Viking napisał(a):Pastorze Aleksandrze- chcialbym Pastorowi zadac kilka pytan, dotyczacych takich spraw jak: a/ Jaki jest stosunek KER do EKR i vice -versa ?. Co Pastor mysli na temat tak duzego rozbicia na wiele kosciolow reformowanych w Polsce? Co Pastor mysli na temat organizacji/pseudo- kosciola/ niejakiego Marysia Niemca, ktory przyniosl wiele szkod Kosciolom Reformowanym?. Ze swej strony uwazam ze tylko Wasz kosciol EKR- jest ostoja i awangarda prawdziwego Kalvinizmu, w przeciwienstwie do KER kosciola liberalnego skostnialego bez dynamiki. A przeciez KER w swej pieknej Polskiej historii skupial warstwy arystokratyczne i szlacheckie. Przeciez ten kosciol KER topnieje w oczach.
No, cóż, pytania poniekąd nie są łatwe, a to dlatego, ze wolałbym całkiem inny obrót wydarzeń. Oficjalnie nie ma żadnego stosunku oprócz kilku osobistych relacji. Próbowaliśmy dawno temu nawiązać bliskie relacje, jednak okazało się, że chyba byliśmy za bardzo konserwatywni. Kiedyś zaprosiliśmy na naszą konferencję, a potem mieliśmy spotkanie i rozmawialiśmy o ewentualnych możliwościach współpracy. Nic z tego nie wynikło. Nigdy nie chcieliśmy ani rywalizować, ani zastąpić KERu. Byliśmy i dalej jesteśmy zafascynowani dziełami reformowanych w historii Reformacji, więc swoją nazwą chcieliśmy nawiązać do najlepszych tradycji. Zastanawialiśmy się nawet nad zmianą naszej nazwy, aby nie zagrażała KER, jednak wciąż nie wpadliśmy na lepszą. Jednak obecnie KER teologicznie wędruje dosyć daleko od nas, nie do zaakceptowania: ordynacja kobiet; otwartość na homoseksualizm i itd.

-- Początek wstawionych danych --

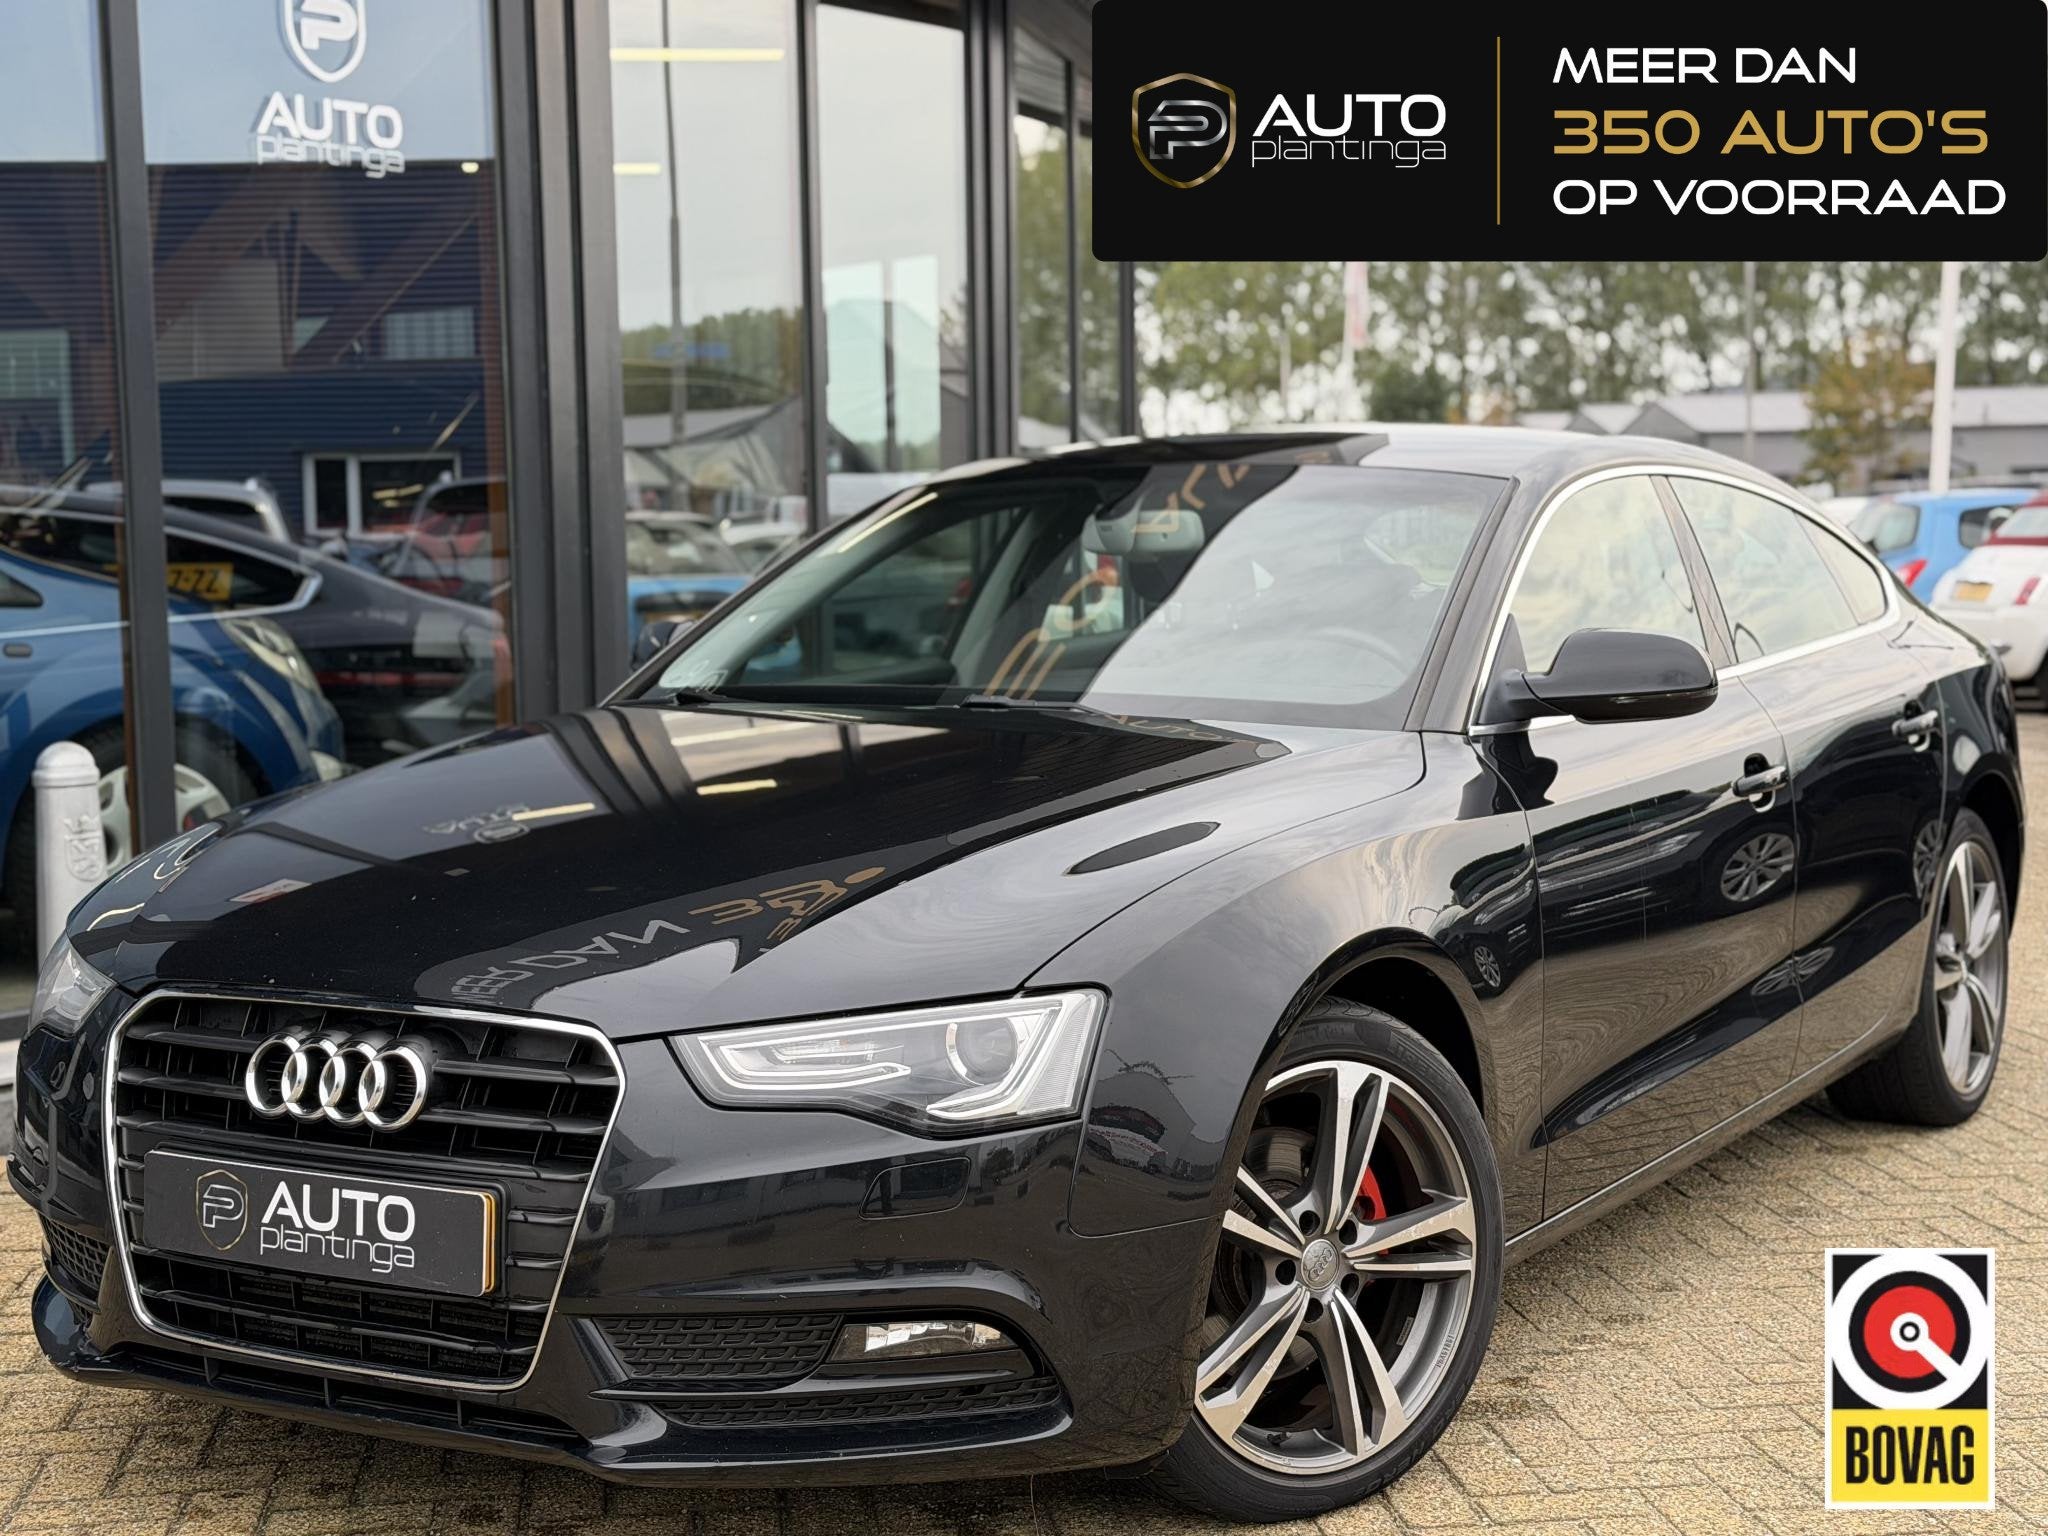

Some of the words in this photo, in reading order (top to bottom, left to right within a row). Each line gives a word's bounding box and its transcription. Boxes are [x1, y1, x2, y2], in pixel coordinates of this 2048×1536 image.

Proszę zwrócić uwagę na to co pisze Pan Kazimierz Bem (włosy się jeżą i to na całym ciele). Natomiast od Wolnego Kościoła Reformowanego kiedyś otrzymaliśmy zaproszenie na ordynację Niemca, oficjalnie odmówiliśmy uczestnictwa i staramy się na wszelkie sposoby odciąć się od "plugastw", które głoszą.
Wolę nie głosić poglądów wychwalających nasze zbory i oczerniające KER, wciąż liczę na odnowę KER i być może prawdziwe braterskie relacje. Zależy nam też na dobrych relacjach z luteranami, być może kiedyś się zjednoczymy. Już była taka okazja i taki okres (Konfesja Sandomierska jest tego świadectwem).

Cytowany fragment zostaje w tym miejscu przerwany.